Abstract
Due to their high parallelism graphics processing units (GPUs) and GPU-based clusters have gained popularity in high-performance computing. However, data transfer in GPU-based clusters remains a challenging problem, due to the disjoint memory of GPU and host. New technologies, such as GPUDirect RDMA, improve data transfer among multiple GPUs, but they require many manual interventions from programmers to reach optimal performance.

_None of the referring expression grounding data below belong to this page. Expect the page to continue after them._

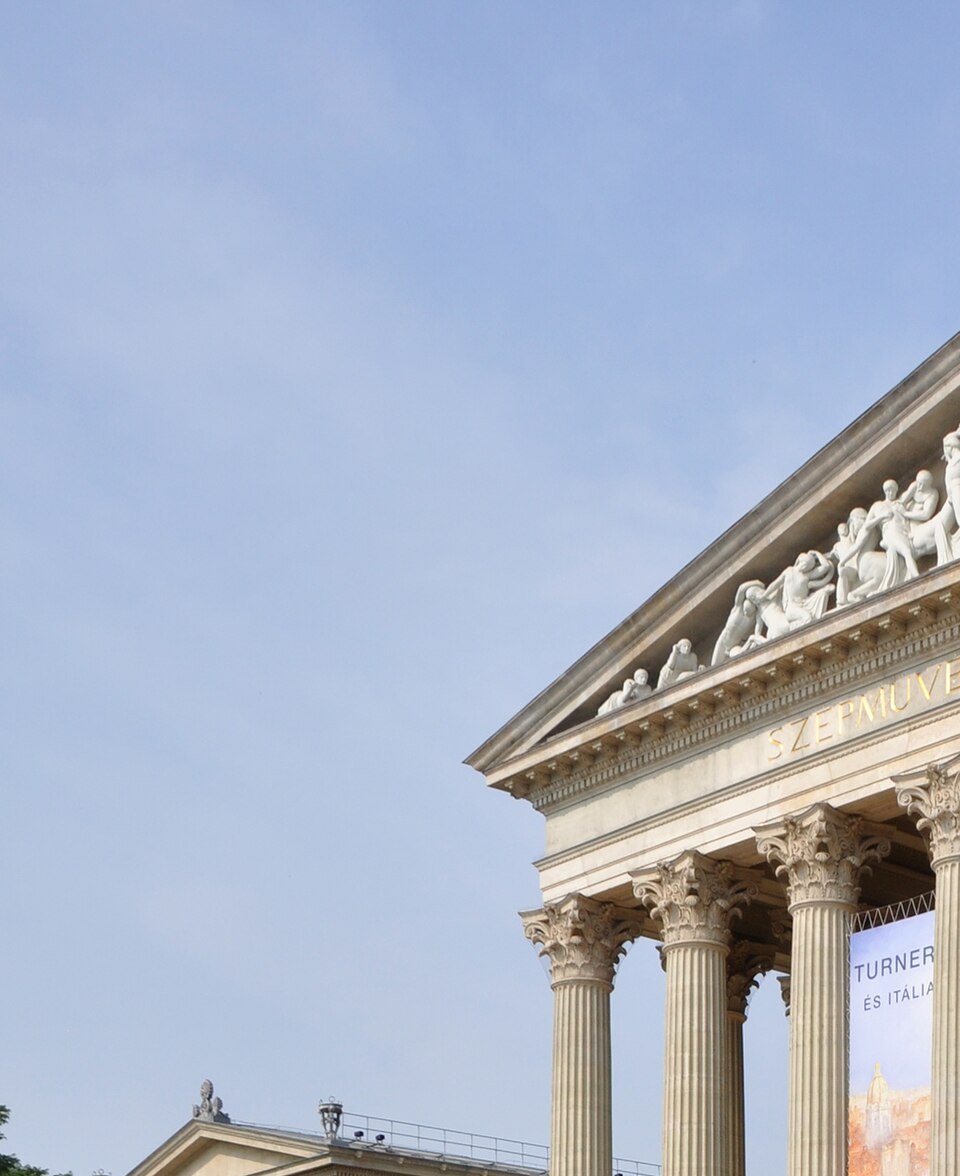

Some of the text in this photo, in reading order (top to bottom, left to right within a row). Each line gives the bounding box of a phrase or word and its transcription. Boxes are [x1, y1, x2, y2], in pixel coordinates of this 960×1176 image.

[854, 945, 934, 982] TURNER
[864, 981, 934, 1011] ÉS ITÁLIA
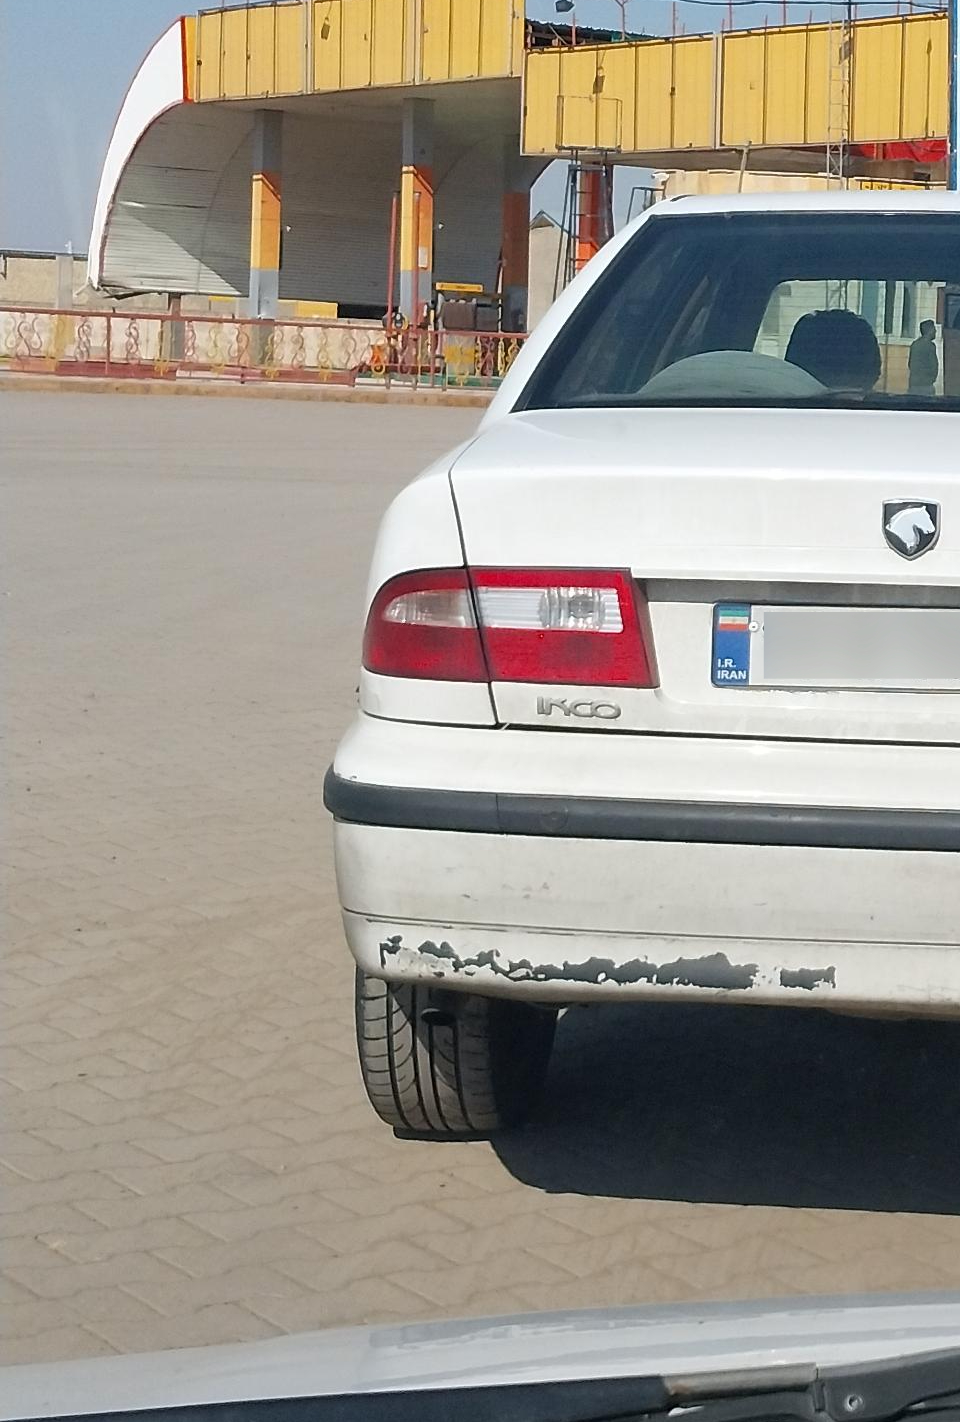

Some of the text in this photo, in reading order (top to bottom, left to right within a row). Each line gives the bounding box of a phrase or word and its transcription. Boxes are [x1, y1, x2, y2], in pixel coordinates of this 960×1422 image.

[717, 658, 737, 668] I.R.
[717, 669, 747, 680] IRAN
[537, 696, 621, 719] IKCO

We present GPI2 for GPUS, a PGAS-based communication framework, for low latency data transfer in heterogeneous clusters. GPI2 provides a Partitioned Global Address Space (PGAS) to applications, in which each part of the address space is local to one node, while all nodes have full and direct access to the whole global address space. GPI2 for GPUs extends this global address space to GPU memory. This allows every GPU and CPU in the cluster to transparently read and write to every GPUs device memory and all CPUs node memory.
New GPUDirect technologies are used to optimize communication among multiple GPUs. This can reduce the latency for a direct GPU-to-GPU data transfer reduced to 3μs, which is more than three times faster than previous technologies. Since GPUDirect RDMA is not fully supported on modern chip sets, for larger messages a hybrid protocol is used for optimal bandwidth. Our performance evaluation shows, that GPI2 for GPUs can supports scalable applications for GPU clusters as it reduces communication and synchronization overhead to a minimum and offers a transparent low latency communication interface.